(Beginning of Data to use)

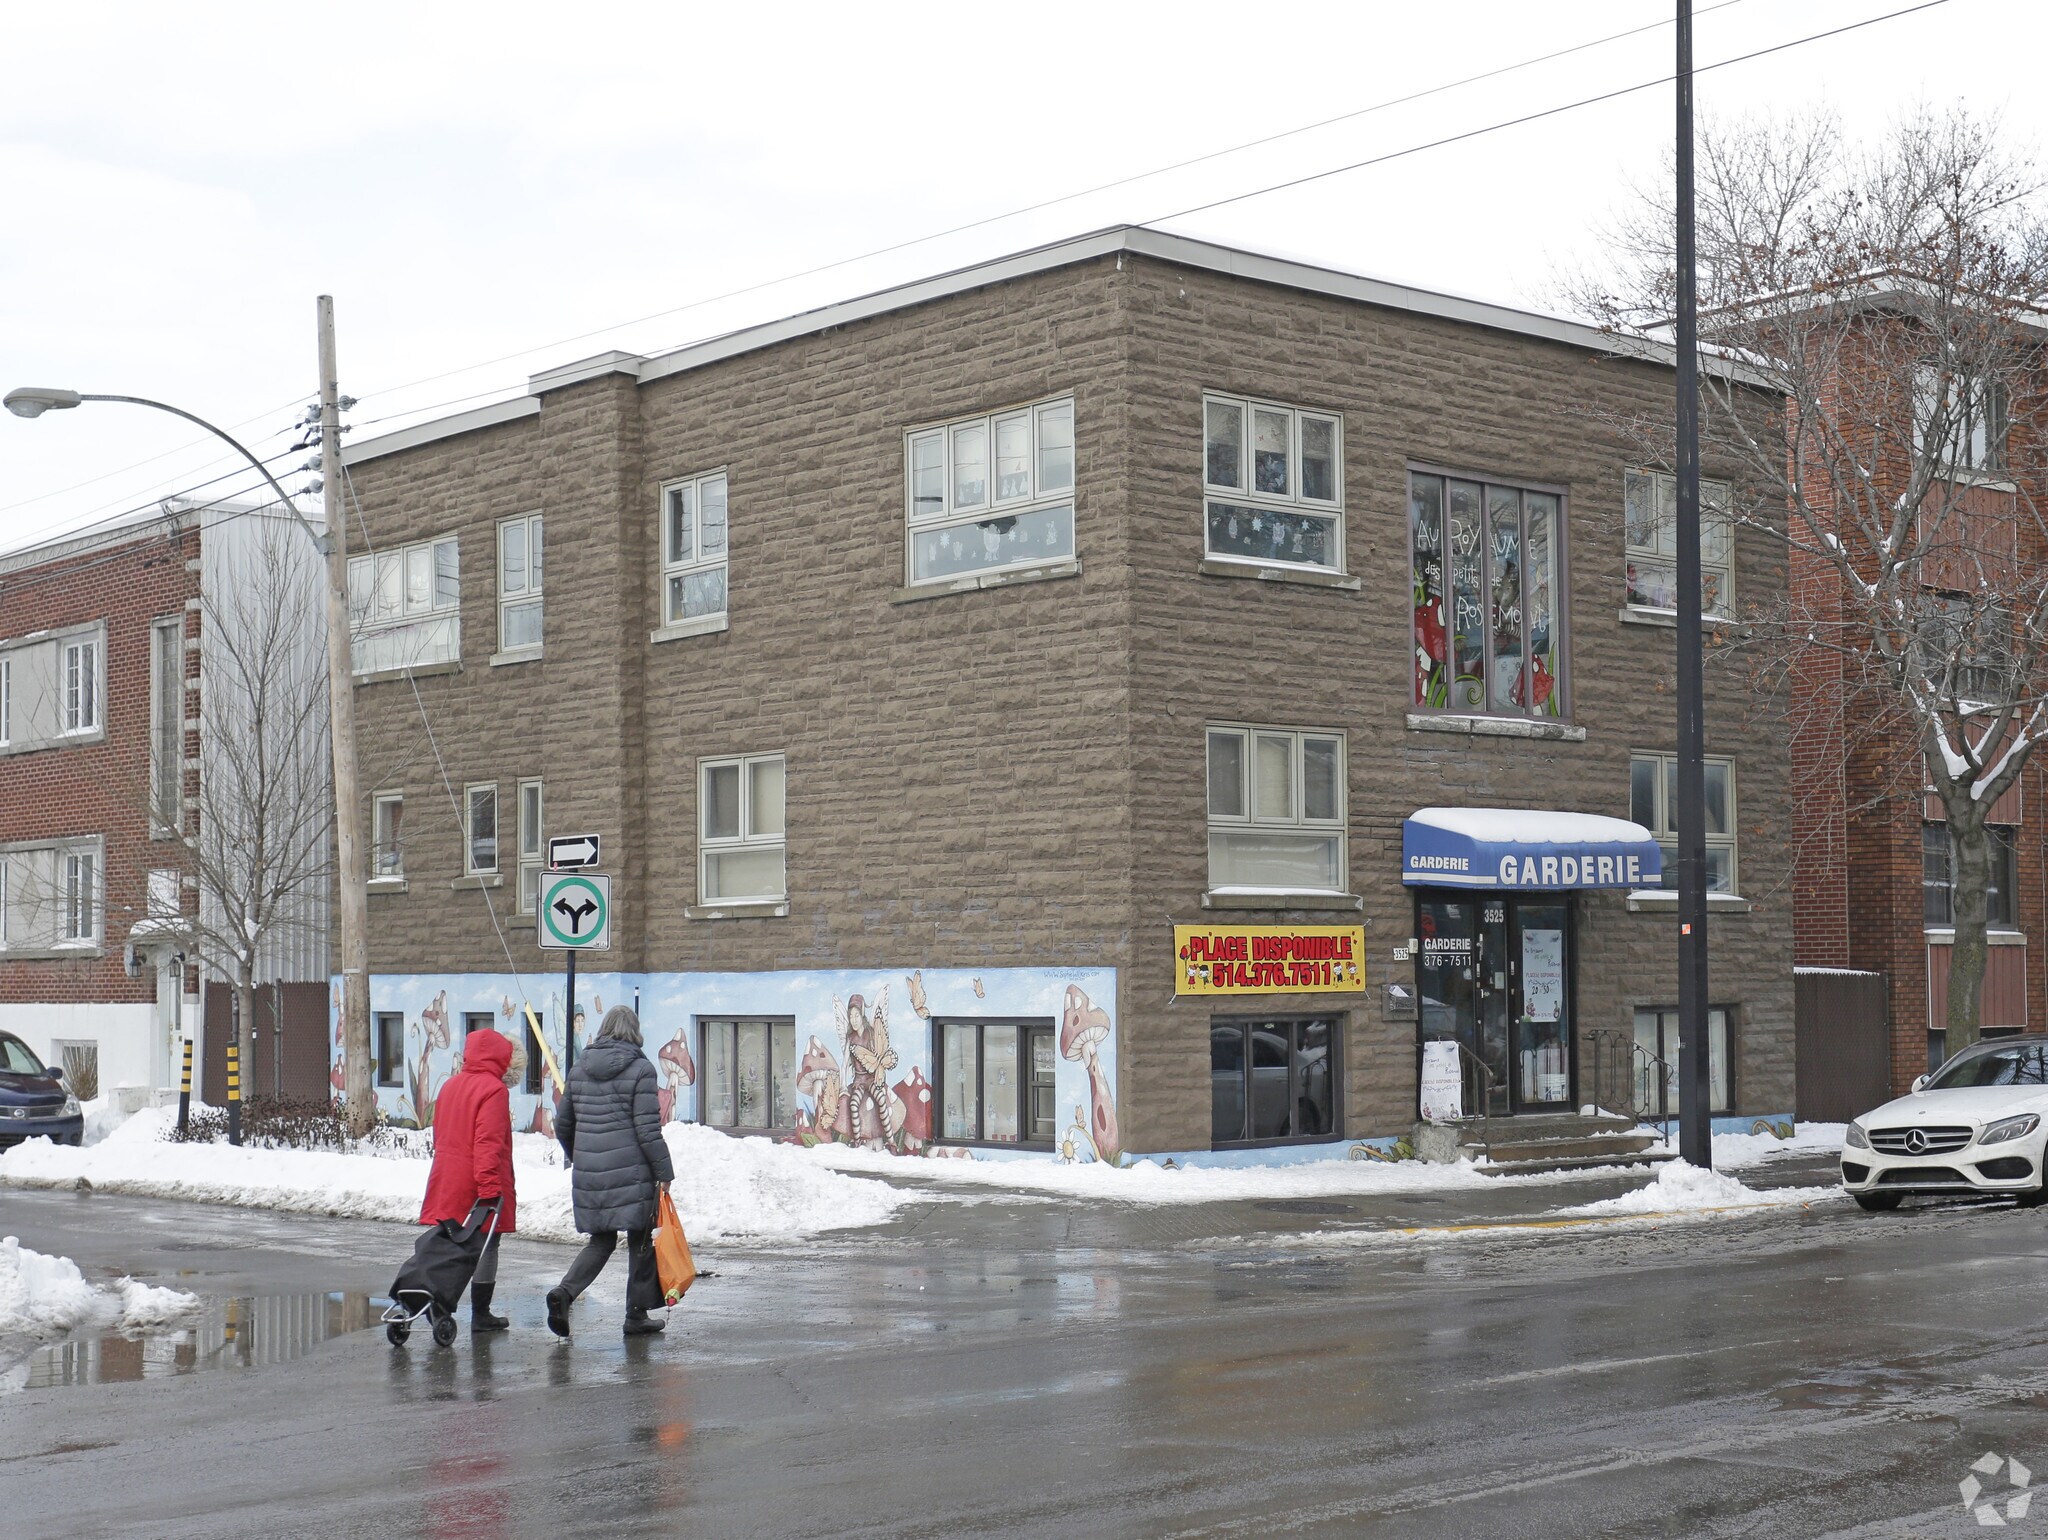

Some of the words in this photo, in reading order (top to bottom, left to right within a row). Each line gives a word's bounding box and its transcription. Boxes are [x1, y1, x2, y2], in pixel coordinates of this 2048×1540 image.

(End of Data to use)
(Beginning of Data to use)

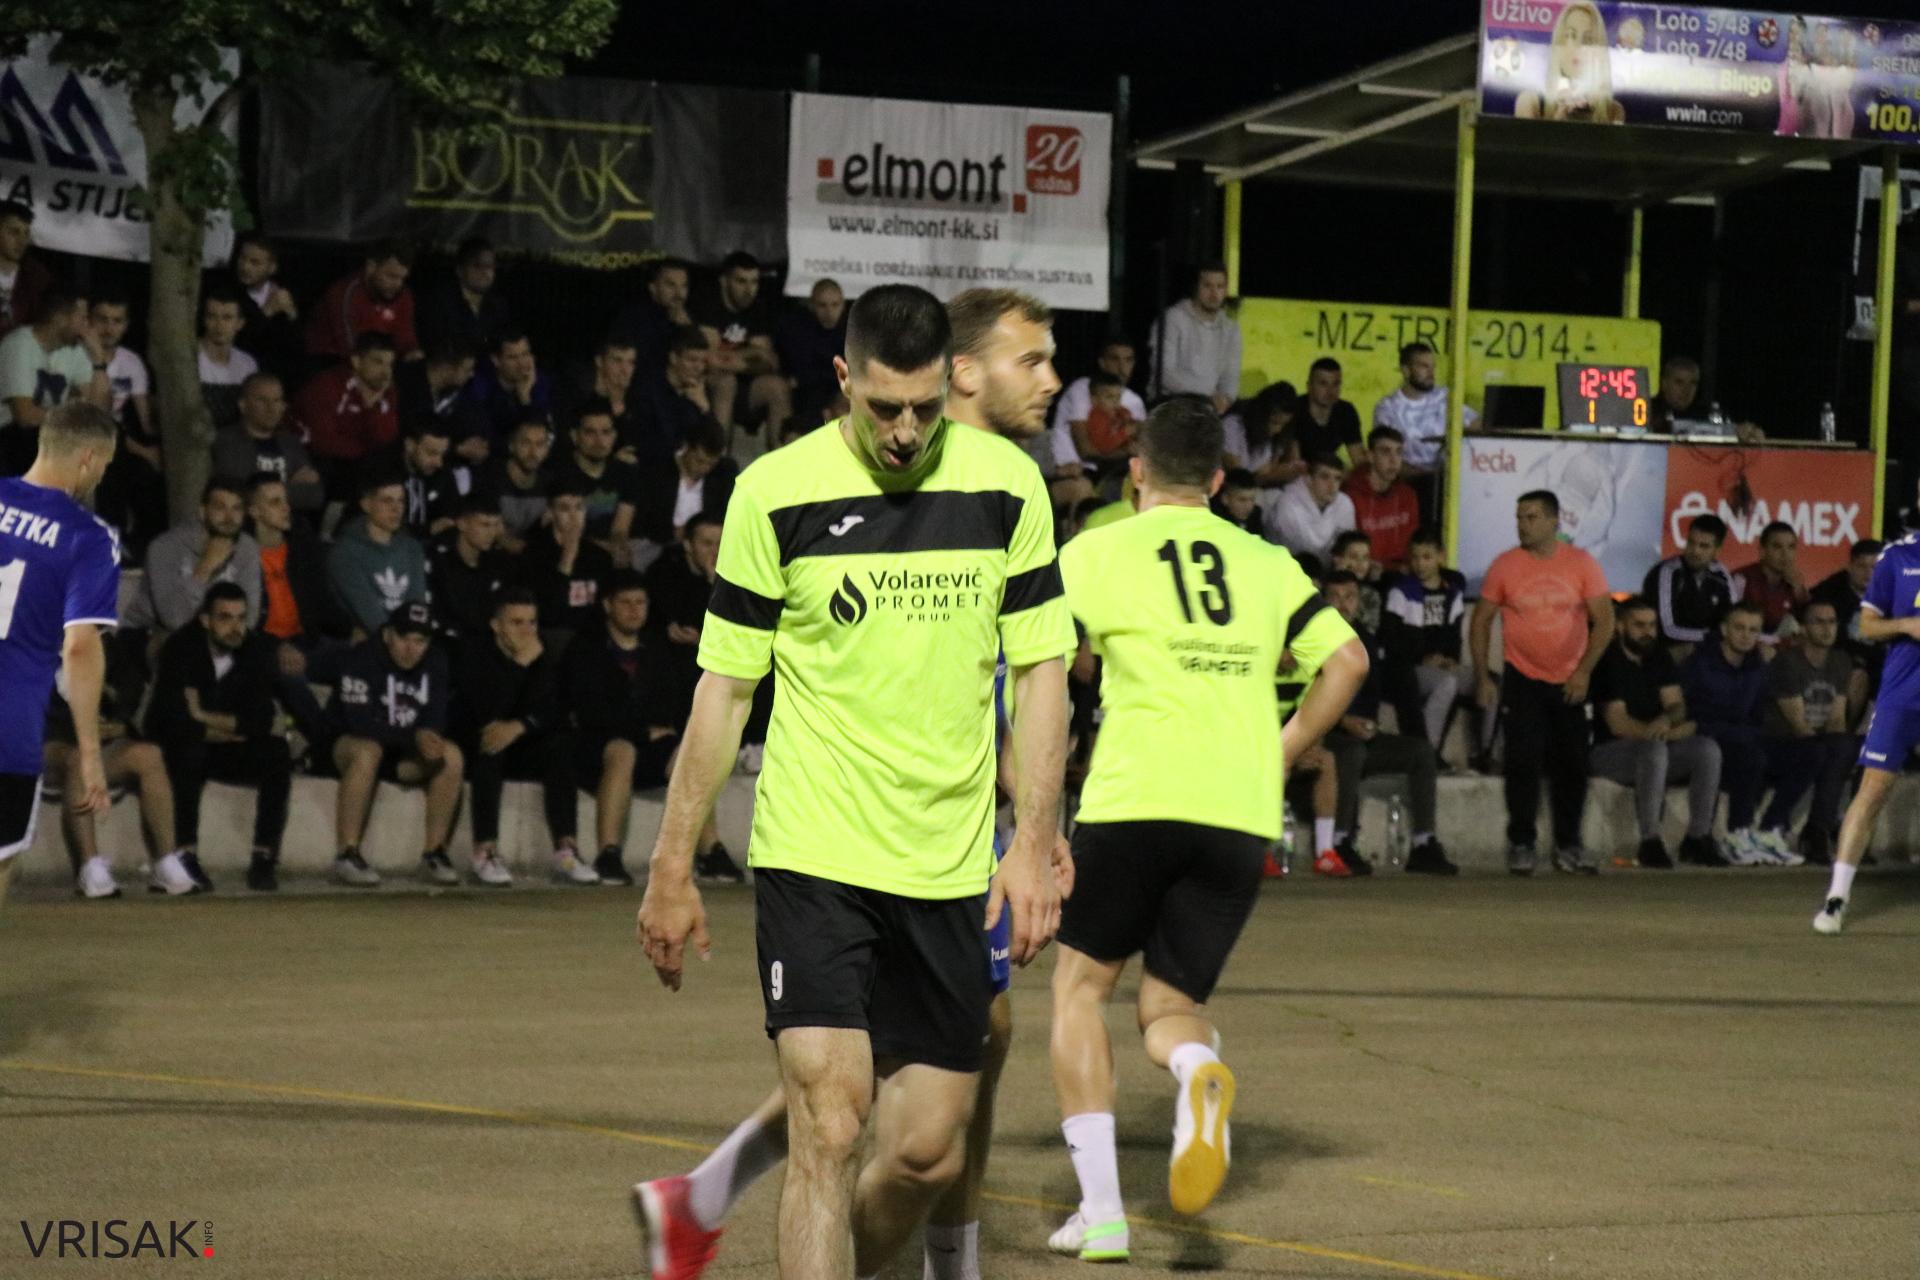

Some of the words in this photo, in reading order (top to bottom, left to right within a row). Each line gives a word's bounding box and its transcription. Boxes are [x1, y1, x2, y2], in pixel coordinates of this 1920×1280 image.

(End of Data to use)
(Beginning of Data to use)

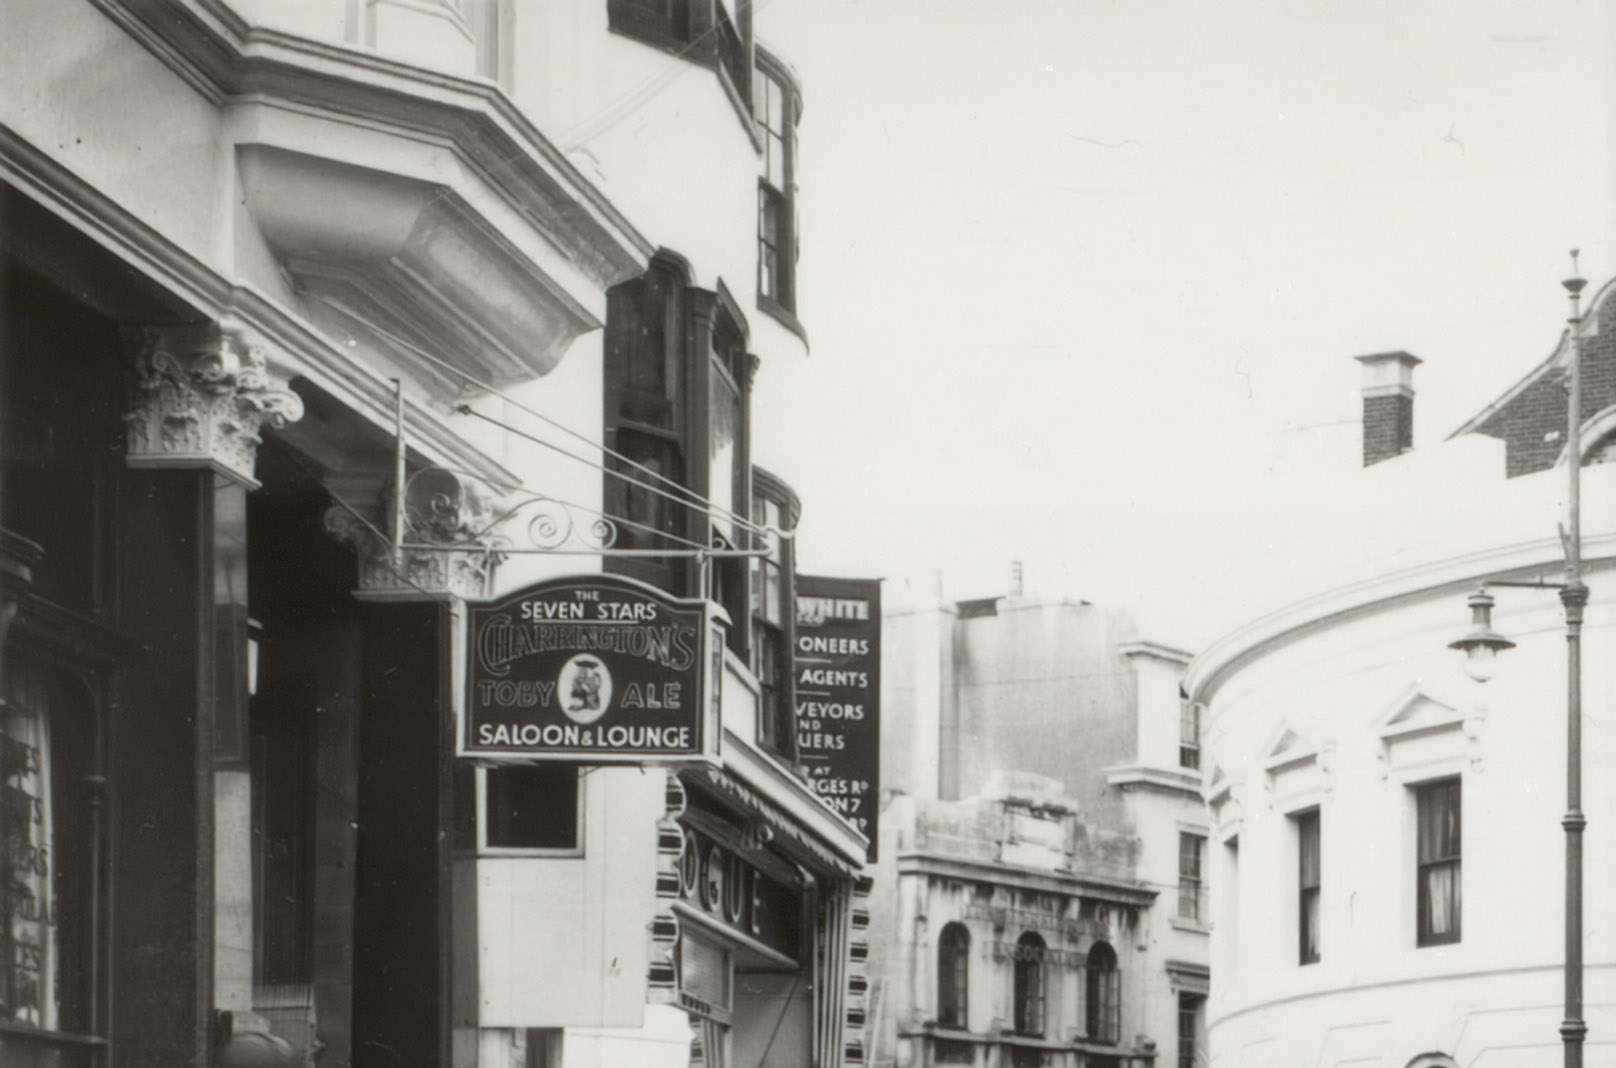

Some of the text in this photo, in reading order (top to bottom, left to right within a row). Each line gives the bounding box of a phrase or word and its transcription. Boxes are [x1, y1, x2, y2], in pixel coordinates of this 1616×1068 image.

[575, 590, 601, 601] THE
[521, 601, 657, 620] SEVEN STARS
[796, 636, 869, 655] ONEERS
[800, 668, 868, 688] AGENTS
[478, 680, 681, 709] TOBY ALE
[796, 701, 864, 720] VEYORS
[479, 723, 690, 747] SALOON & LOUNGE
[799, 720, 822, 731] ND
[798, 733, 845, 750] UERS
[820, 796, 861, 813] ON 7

(End of Data to use)

> **Exercise directions**:
What lines above contain the string "words"? Copy all of them.

> **Result of this exercise**:
Some of the words in this photo, in reading order (top to bottom, left to right within a row). Each line gives a word's bounding box and its transcription. Boxes are [x1, y1, x2, y2], in pixel coordinates of this 2048×1540 image.
Some of the words in this photo, in reading order (top to bottom, left to right within a row). Each line gives a word's bounding box and its transcription. Boxes are [x1, y1, x2, y2], in pixel coordinates of this 1920×1280 image.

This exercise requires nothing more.